The Supreme Court in the decision under  32 Cdo 2484/2012 stated that the term “without unnecessary delay” does not directly determine at what specific time the obligation must be fulfilled or otherwise acted upon. It is an indefinite period, the essence of which is already defined by its verbal expression. From the term “without unnecessary delay”, it must be inferred that it is a very short period, which means immediate or undue delay or  prompt action aimed at fulfilling an obligation or performing a legal act or other manifestation of will, while the duration of the period will depend on the circumstances of the specific case. It is a period of days, weeks at the most, in the shortest possible period of time.

 In the case dealt with by the Supreme Court under file number 32 Cdo 2484/2012, it was concluded that in the context of an almost ten-year contractual relationship, two months can be evaluated as no unnecessary delay.
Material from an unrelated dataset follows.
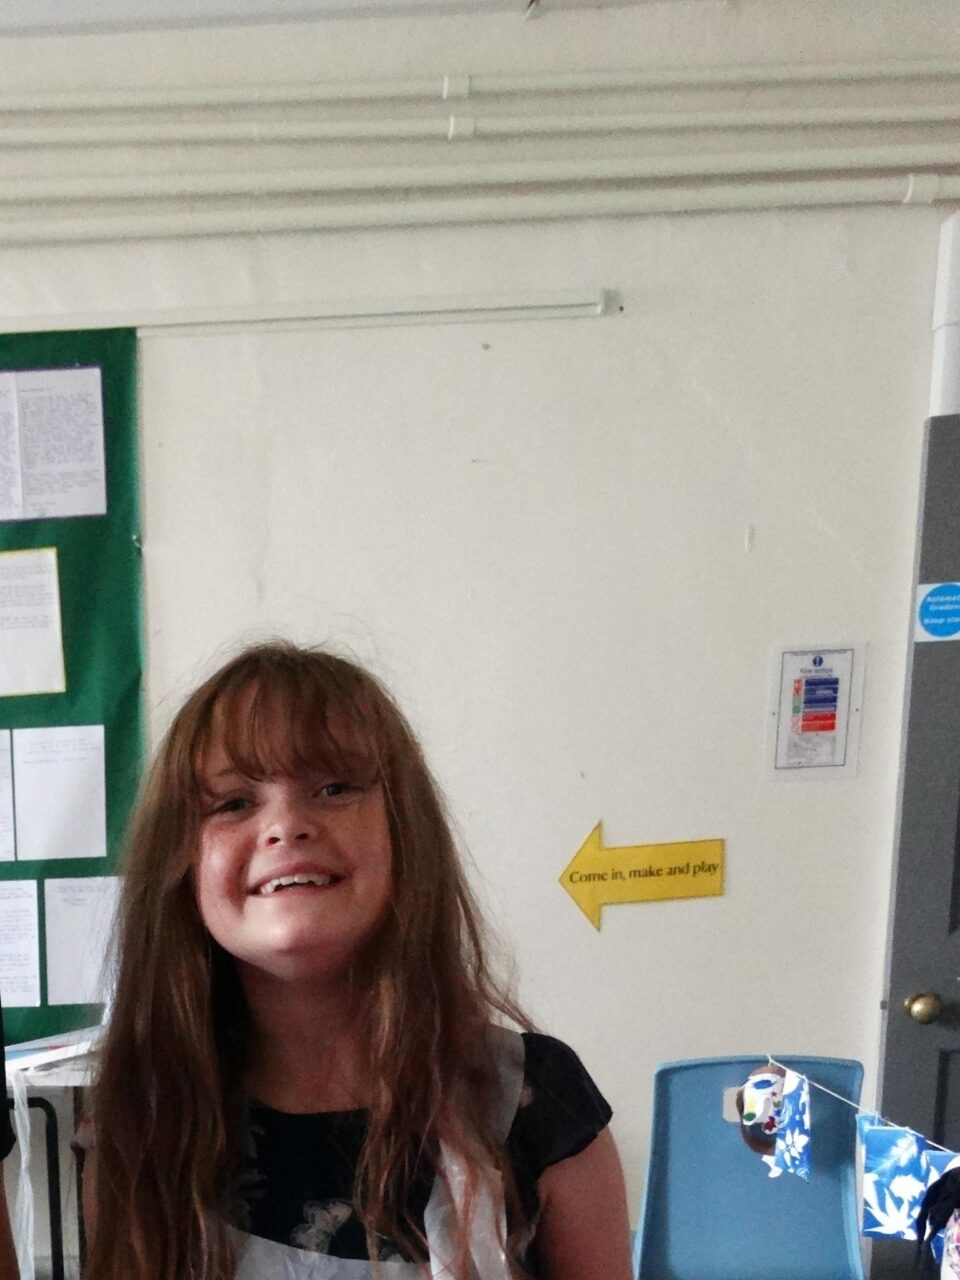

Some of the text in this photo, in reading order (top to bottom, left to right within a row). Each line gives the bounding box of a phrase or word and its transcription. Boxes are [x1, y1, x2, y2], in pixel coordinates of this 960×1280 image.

[569, 860, 720, 884] Come in, make and play
 In the case of  23 Cdo 113/2012, it was a claim for a work with obvious defects. The takeover took place on January 30, and the defects were pointed out only on the last day of February. The Supreme Court concluded that the delay of a full 28 days from the date of handing over the work and pointing out its obvious defects is not legal, and evaluated the claim as not being made without unnecessary delay, and therefore delayed.

 It is also necessary to take into account that the deadline for exercising rights from defective performance is suspended for the period of impossibility to use the defective object of performance, if the acquirer justifiably blames the alienator for the defect. If a guarantee is agreed, the guarantee period does not run for the period during which the buyer cannot use the defective item. In our case, the period for claiming obvious defects of 6 months and hidden defects of 2 years can therefore be extended by the time of complaint resolution.

Therefore, if there is an attempt in the General Terms and Conditions to limit or determine the period during which liability for obvious or hidden defects can be claimed, then these provisions of the General Terms and Conditions are completely invalid with regard to the above.

 

I quote again:

In general, it is not taken into account such a manifestation of will by which the alienator would unilaterally limit the legal scope of his obligations due to defective performance in advance.

 

Also, those commercial heat treaters are wrong, which abdicate responsibility for the quality of the input material. It is necessary to maintain a cautious approach to this statement, as it may not always be legally valid – see case law

R NSČR 33 Cdo 4142/2008 Pursuant to § 645/2 of the Civil Code, the contractor is also liable for defects caused by defective material supplied by the customer or inappropriateness of his instructions. He is not responsible for such defects only if he has fulfilled the obligation to point out the inappropriateness of the material or instructions. The responsibility of the contractor is an objective responsibility (i.e. responsibility for the result), the contractor cannot absolve himself of his responsibility even by pointing out the culpable illegal actions of third parties. At the same time, defects of the material are considered not only it’s obvious and hidden defects, but also its properties that make it impossible to properly manufacture the ordered work.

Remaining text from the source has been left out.